Figure 5. SLM treatment induced oxidative stress.

(A) GSC11 and SF188 cells were seeded at a density of 1 × 10⁵ cells per well in 6-well plates. Next day cells were incubated with SLM or Apigenine (Api; as a positive control) at the indicated concentrations. Cells were collected 48 hours later and stained with H2DCF-DA (4 μM). Cells were then analyzed by flow cytometry. (B) GSC11 and SF188 cells were seeded at a density of 1 × 10⁵ cells per well in a 6-well plate. The following day, cells were incubated with SLM, NAC or both drugs at indicated doses. Cells were harvested three days later, and protein samples were analyzed by western blot for BIP, ATF4, P-elF2α, p62 and LC3-II conversion. GRB2 was used as loading control.
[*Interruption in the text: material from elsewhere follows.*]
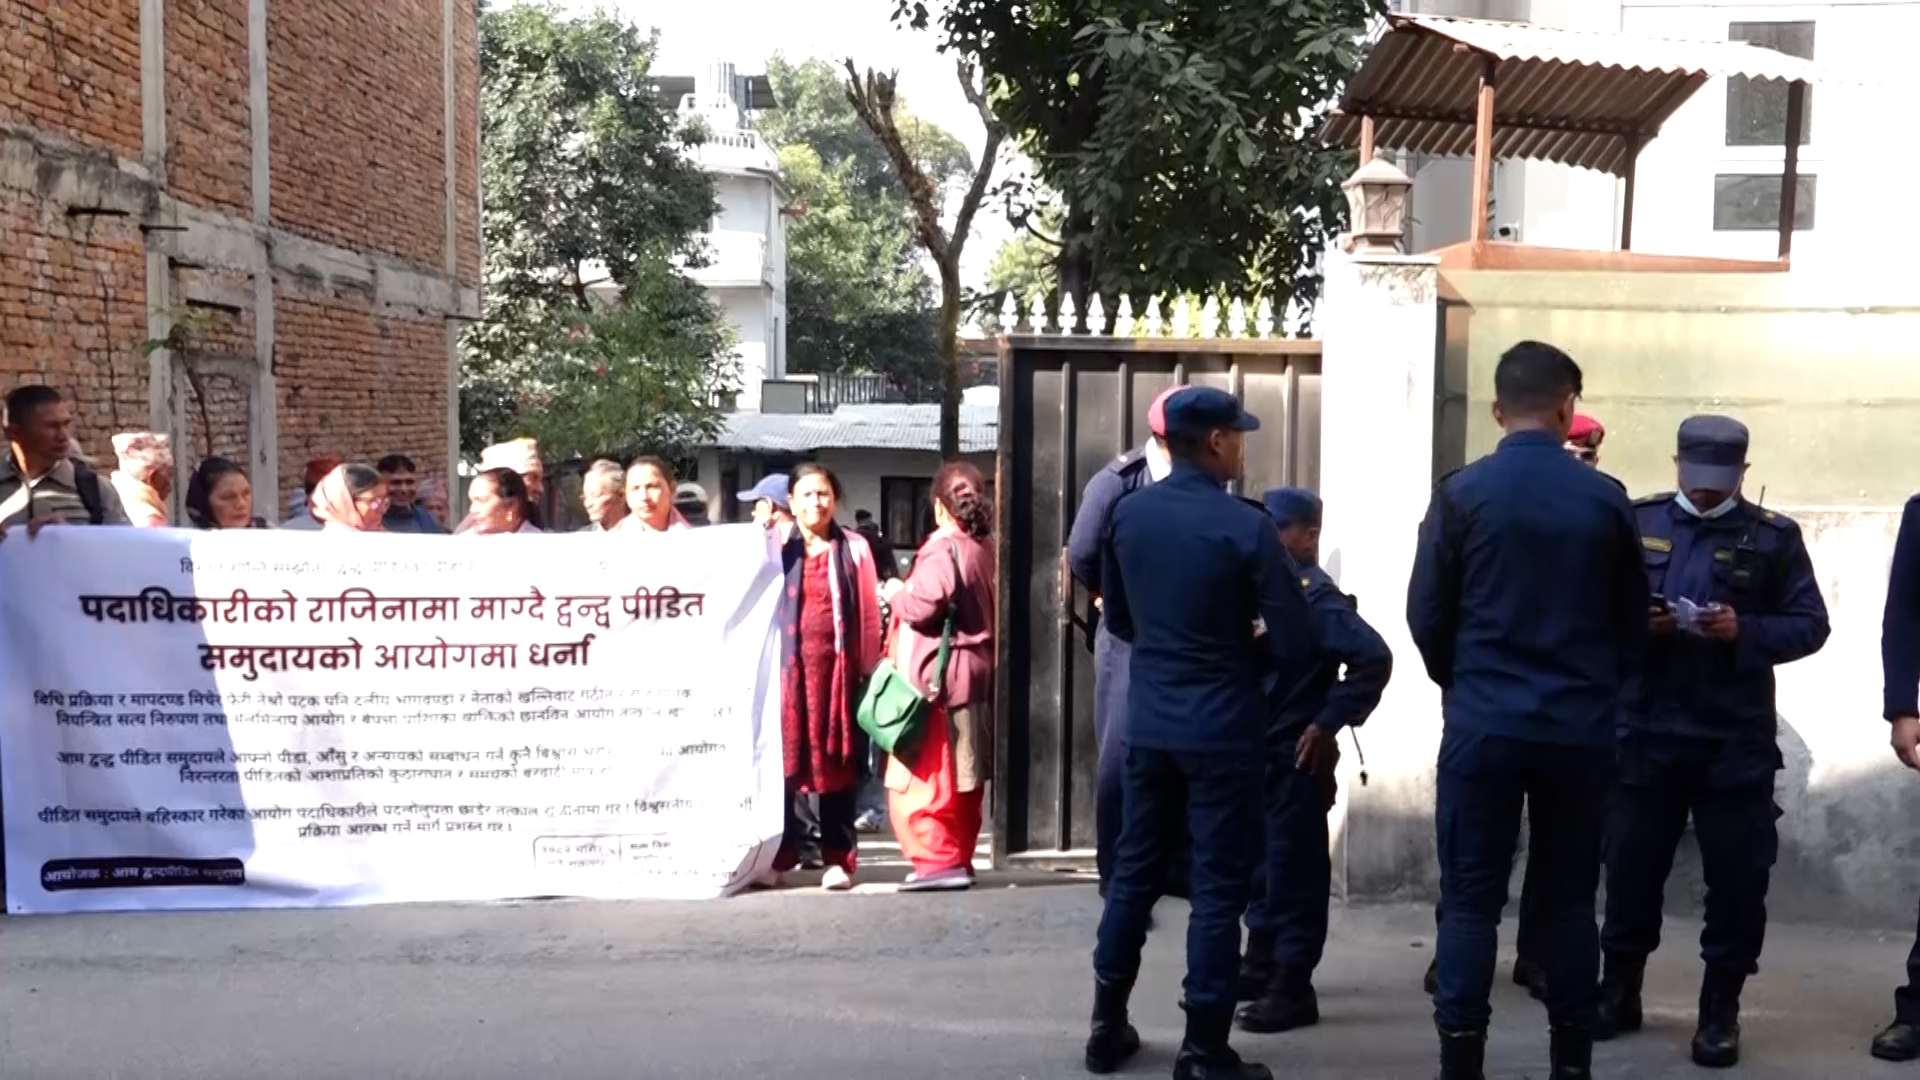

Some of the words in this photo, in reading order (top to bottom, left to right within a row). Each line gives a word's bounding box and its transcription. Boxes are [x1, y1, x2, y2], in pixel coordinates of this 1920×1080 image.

Shown is a representative western blot of three independent experiments. (C) GSC11 and SF188 cells were seeded at a density of 1 × 10⁵ cells per well in a 6-well plate. The following day cells were incubated with SLM, NAC or both drugs at the indicated doses. Three days later cells were counted in a Neubauer chamber. The results are represented as the percentage of cell viability relative to non-treated cells; the mean ± SD from three independent experiments is shown.